Selective elimination of extended-C/EBPα impedes rRNA synthesis. (A) Lentiviral shRNA-mediated knock-down of endogenous human C/EBPα (Cα) compared with control scrambled shRNA (Co) in HL-60 cells. (B) Retroviral-mediated expression in C/EBPα knock-down HL-60 (shRNA-Cα) cells from rat C/EBPα (wtα) or the ΔCUGα mutant cDNAs. (C) Retroviral-mediated expression of extended-C/EBPα and the ΔNoLS mutant thereof in C/EBPα knock-down HL-60 (shRNA-Cα) cells. Immunoblots were probed with anti-C/EBPα antibodies (14AA), and with anti-α-tubulin antibodies for loading control. The Xα-labelled band is of indefinite C/EBPα origin; possibly sumoylated truncated-C/EBPα (data not shown). Asterisk (^*) indicates non-specific bands. Levels of 45S pre-rRNA were measured by Northern blotting of 15 μg of total RNA. Ethidium bromide (EtBr) inverted staining of the gel was used for loading control.

Figure 9

Occupation of rDNA sequences by extended-C/EBPα facilitates UBF-1 and TBP recruitment and induces histone acetylation. (A) Schematic representation of part of the rDNA repeat with the transcribed rRNA and C/EBP consensus recognition sequences as indicated.
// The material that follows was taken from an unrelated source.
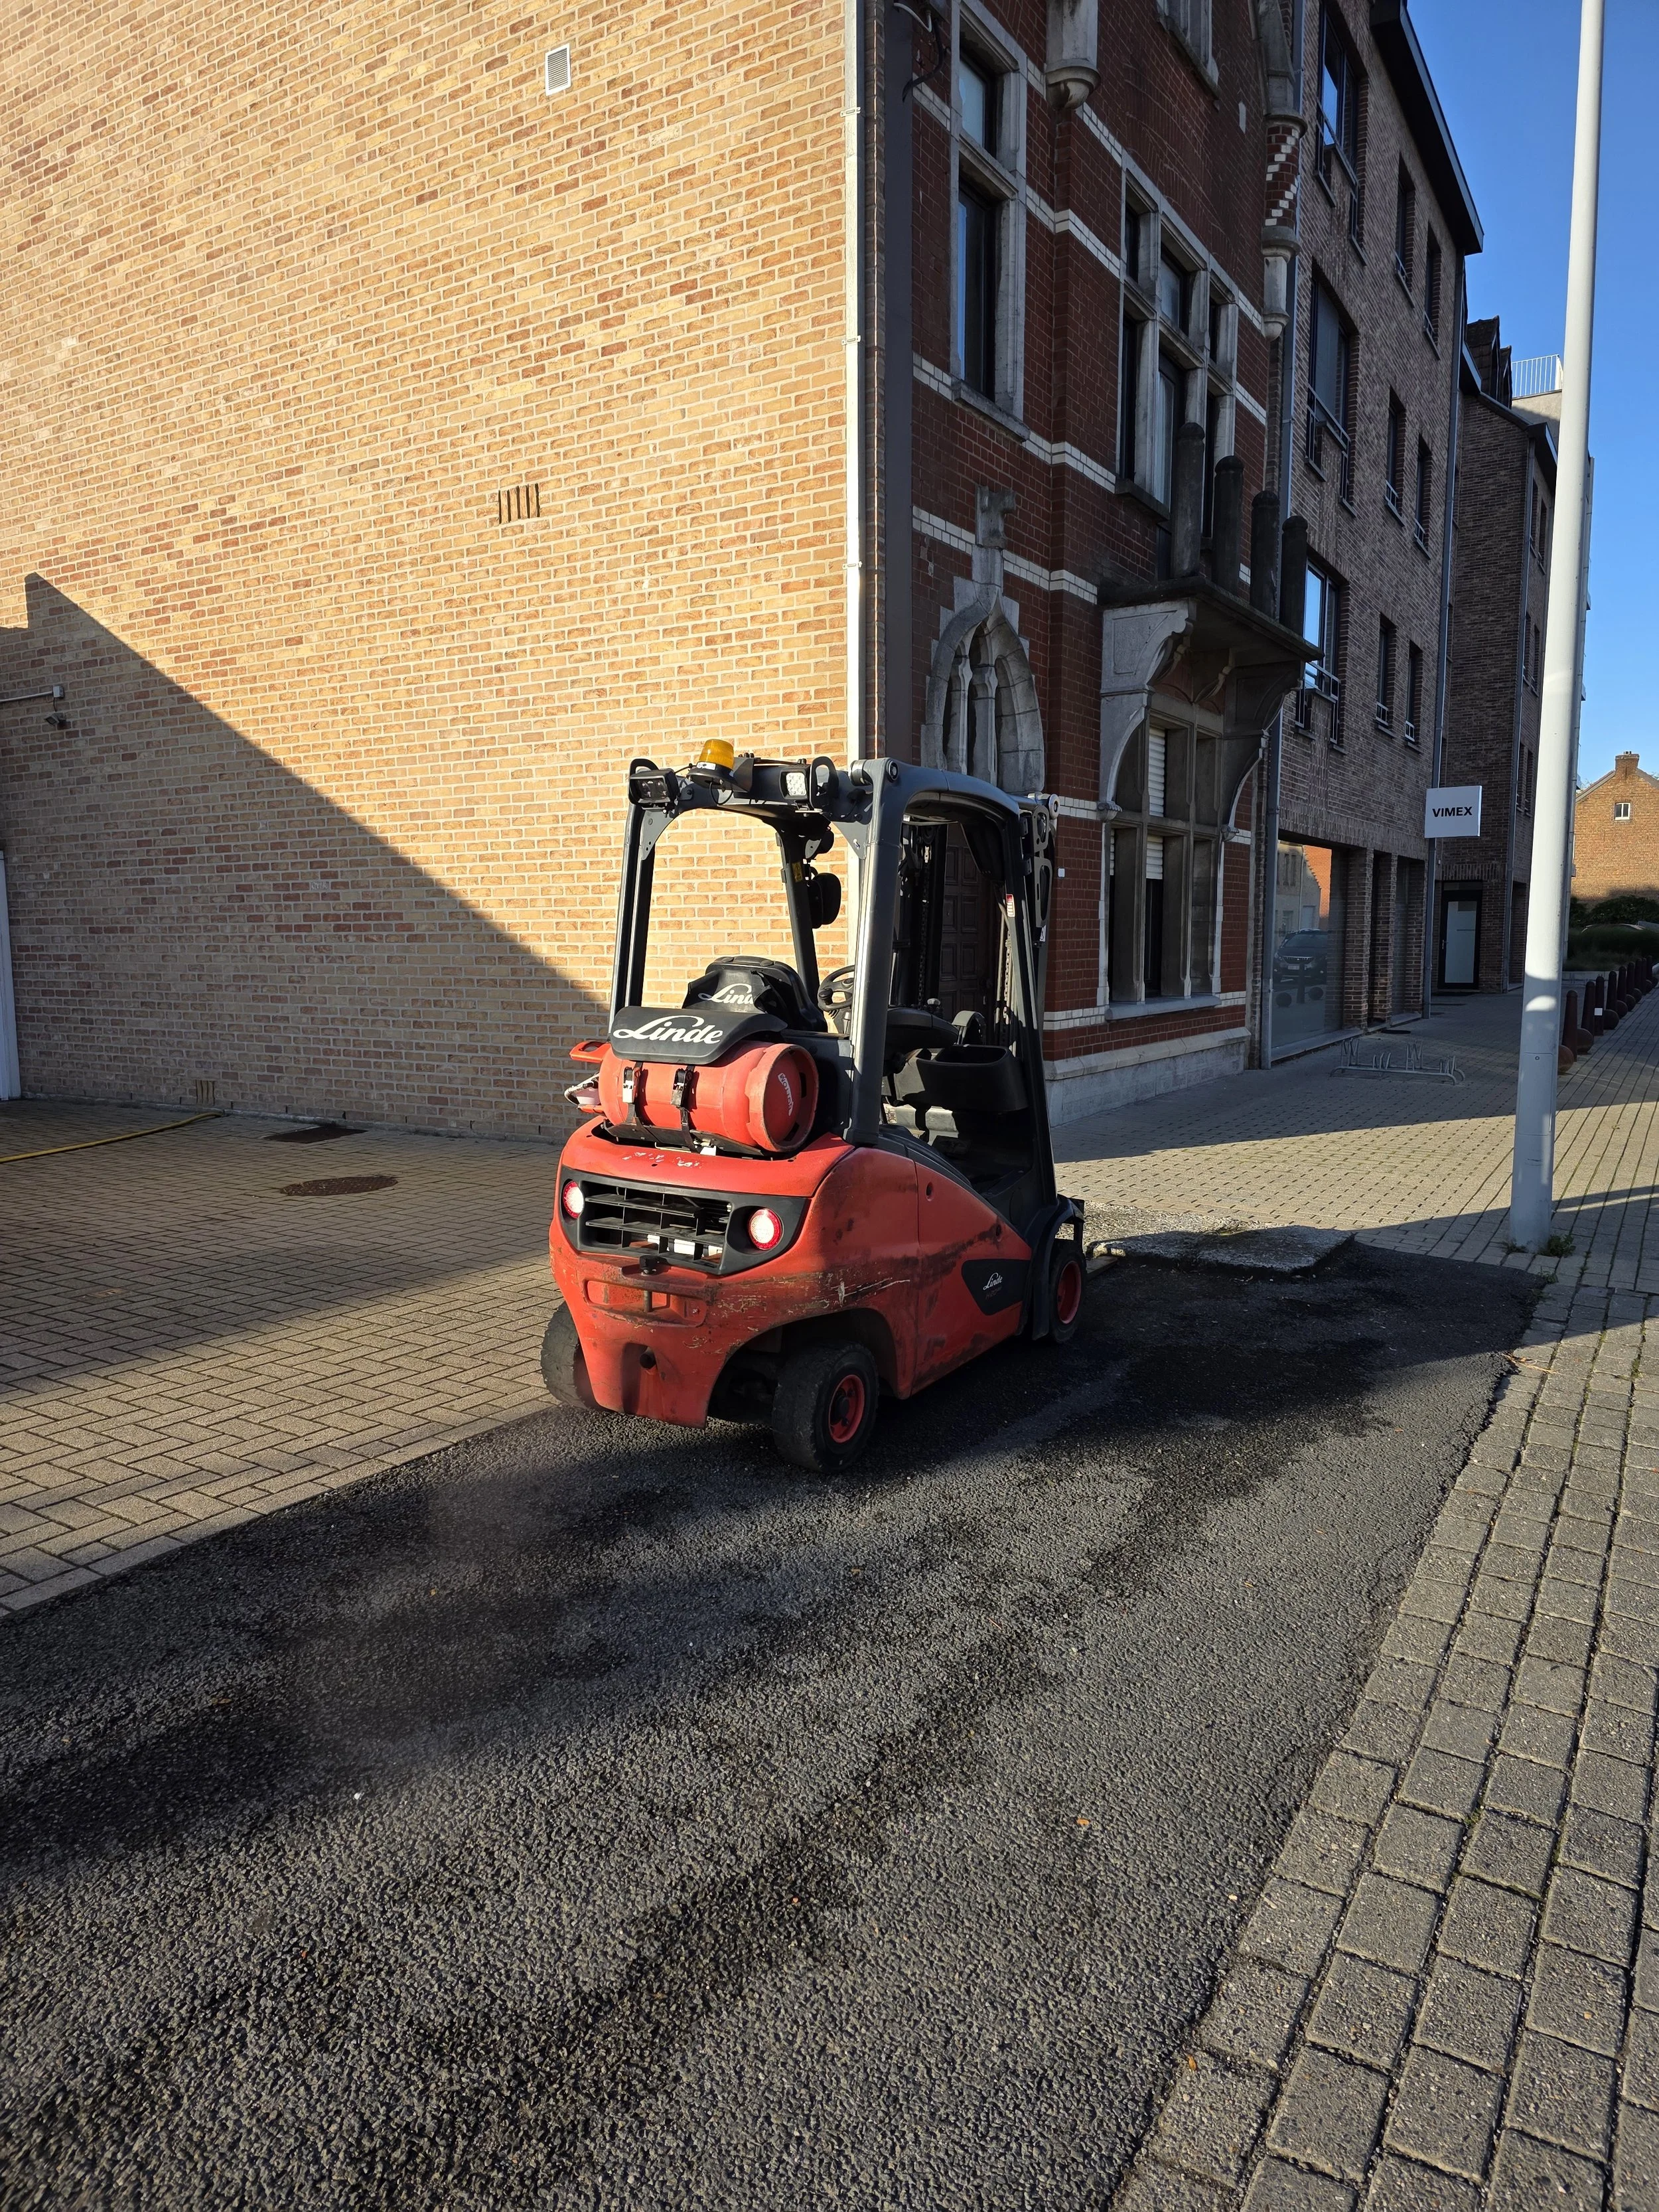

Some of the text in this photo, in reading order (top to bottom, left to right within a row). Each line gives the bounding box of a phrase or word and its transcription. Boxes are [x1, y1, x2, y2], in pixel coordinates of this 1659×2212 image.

The rDNA sequences analysed in the ChIP assays are designated Cd (C/EBP distal), Cp (C/EBP promoter) and M (c-Myc). (B) Fold enrichment of rDNA obtained with chromatin cross-linking and immunoprecipitation (ChIP) analysis for the regions Cd, M and Cp with anti-C/EBPα or anti-UBF-1 as indicated versus non-specific rabbit IgG. ChIP assays were done with C33A cells expressing empty vector, extended-C/EBPα-wt, -S299D or -S299D-ΔNoLS mutant as indicated. (C) DNA gel of semi-quantitative PCR of region Cp with input, and ChIP assays with the antibodies as indicated for C33A cells expressing empty vector, extended-C/EBPα-wt, -S299D or -S299D-ΔNoLS mutant. (D) Fold enrichment of rDNA obtained with ChIP analysis for the regions M and Cp with anti-TBP versus non-specific rabbit IgG. (E) Fold enrichment of rDNA obtained with ChIP analysis for the regions M and Cp with anti-H3-AC or anti-H4-AC as indicated versus non-specific rabbit IgG. DNA was quantitated by real-time PCR and data are presented as means and standard deviation from two independent ChIP experiments each analyses by two independent PCR reactions.

Figure 10

Overexpression of extended-C/EBPα results in an increase in cell volume. C33A cells expressing empty vector, extended-C/EBPα-wt, -S299D or -S299D-ΔNoLS mutants were analysed for cell volume. The percentage of change in the mean cell volume compared with empty vector was calculated from two independent cultures, each measured in triplicate. The error bars represent the data variation.